D’autres Etats se sont faits les promoteurs des éoliennes et d’autres sources d’énergie renouvelables – plus comme des moyens de développer l’économie que comme des outils de lutte contre le changement climatique. Selon un article récent du New York Times, au moins quinze Etats, dont le Texas et le Nevada, ont obligé leurs fournisseurs d’électricité à diversifier leurs sources d’énergie, en introduisant à coté du charbon et du pétrole des énergies comme les éoliennes et le solaire. En 2003, le gouverneur de l’Iowa, Tom Vilsack, a signé un décret autorisant la création d’une ferme éolienne atteignant 310 mégawatts – la plus puissante installation terrestre de ce type au monde. Actuellement, l’Iowa importe presque toute son énergie pour une dépense annuelle de près de 4 milliards de dollars. L’objectif de Vilsack n’est pas seulement de rendre l’Iowa indépendant énergétiquement, mais d’en faire un exportateur net en direction des Etats voisins. Un groupe de pression américain – le PIRG Education Fund – a publié un rapport en 2002 qui concluait que le vent soufflant dans quatre Etats – le Dakota du Nord, le Dakota du Sud, le Kansas et le Nebraska – suffirait à produire toute l’électricité dont la nation avait besoin. Le PIRG a depuis travaillé sans relâche pour démontrer que les Etats des Grandes plaines disposaient ainsi d’un potentiel énorme et devaient utiliser le vent pour produire de l’énergie et des emplois, tout en protégeant l’environnement.

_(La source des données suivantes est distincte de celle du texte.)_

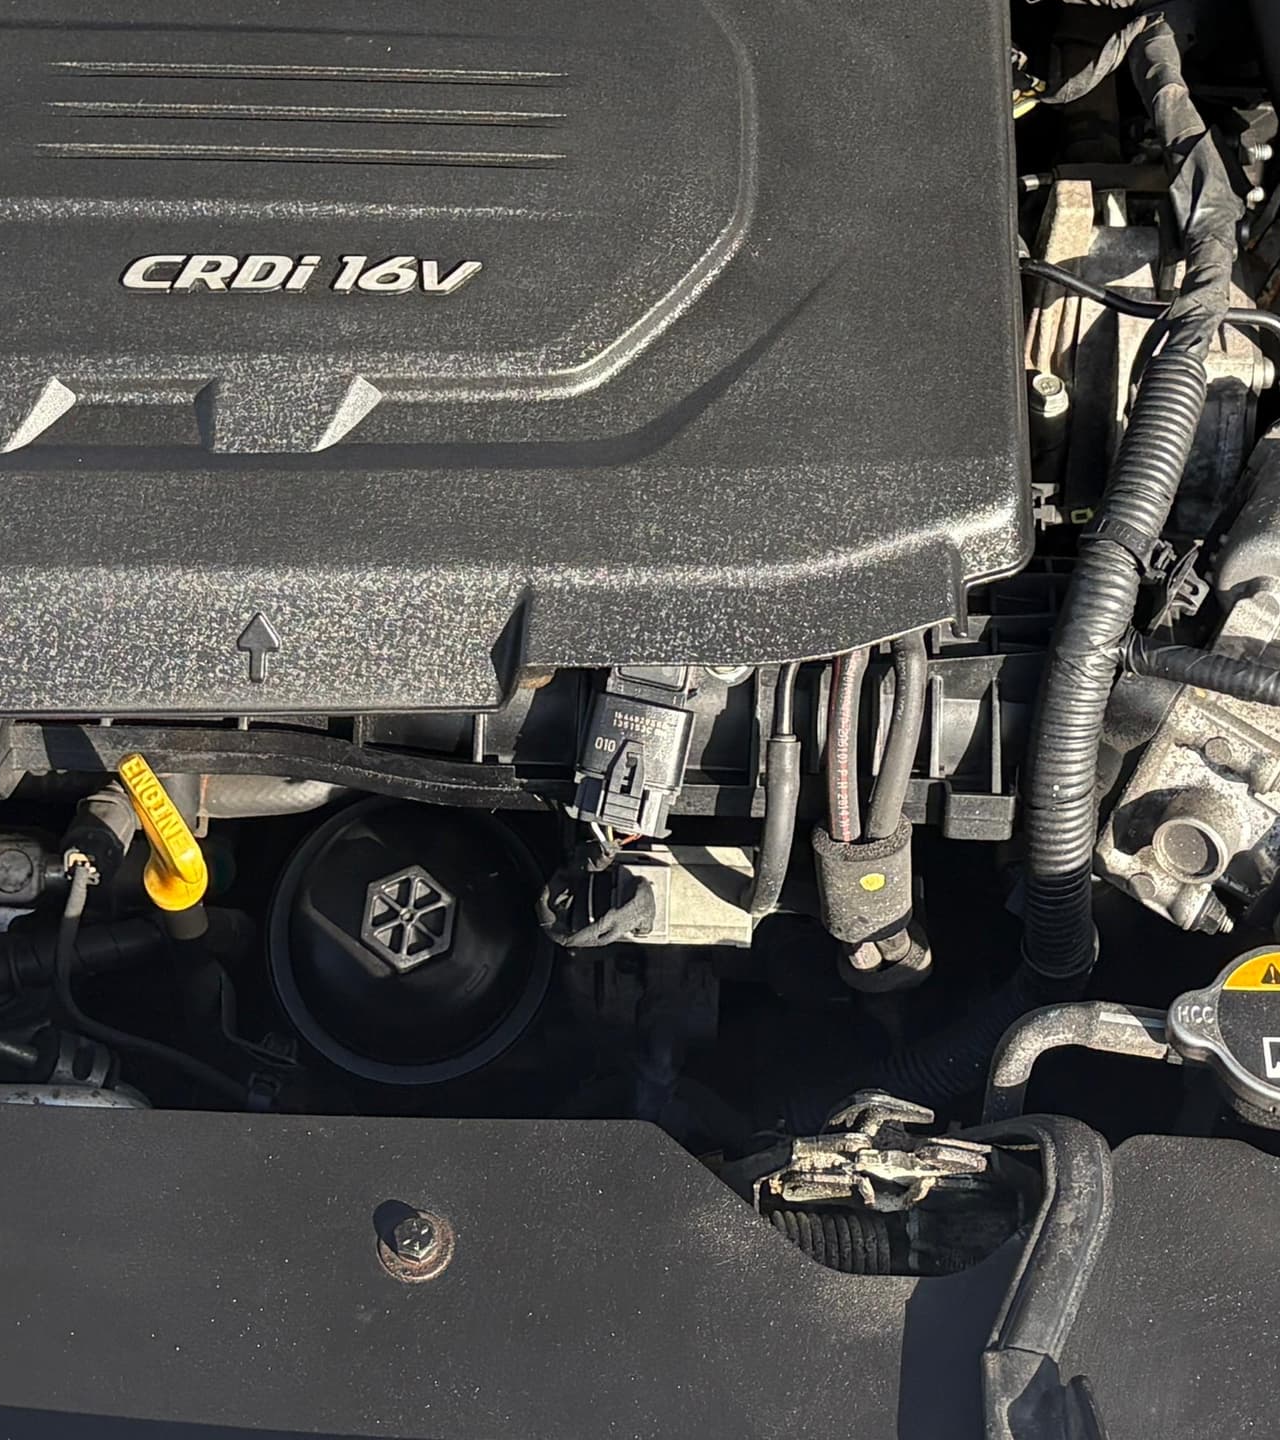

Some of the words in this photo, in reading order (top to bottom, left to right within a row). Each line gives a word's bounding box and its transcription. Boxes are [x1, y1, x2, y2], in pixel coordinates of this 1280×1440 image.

D’autres Etats, en particulier ceux dont l’économie est aujourd’hui la plus chancelante, se sont emparés de la question de l’efficacité énergétique au nom d’une meilleure utilisation des revenus des impôts et de la lutte contre le changement climatique. Conduits par le gouverneur Janet Napolitano, les législateurs de l’Arizona ont demandé en avril 2003 aux agences, aux universités et aux collèges publics de l’Etat de réduire leur consommation énergétique pour atteindre en juillet 2011 un niveau de 15 % inférieur à celui de 2001-2002. Ils ont aussi demandé aux agences et aux institutions du secondaire de ne plus acheter que des produits répondant au label fédéral « Energy Star » ou certifiés par le programme fédéral de gestion de l’énergie. Par ailleurs, pour toute nouvelle construction, ils doivent respecter le Code international de conservation de l’énergie. Cette mesure doit permettre de réduire de 90 millions de dollars la facture énergétique de l’Etat. Le projet d’efficacité énergétique pour le Sud-Ouest, un établissement d’intérêt public qui assiste l’Arizona dans la redéfinition de ses dépenses, milite en faveur d’efforts législatifs similaires pour toute la région. Les membres locaux du PIRG défendent une action équivalente en Floride.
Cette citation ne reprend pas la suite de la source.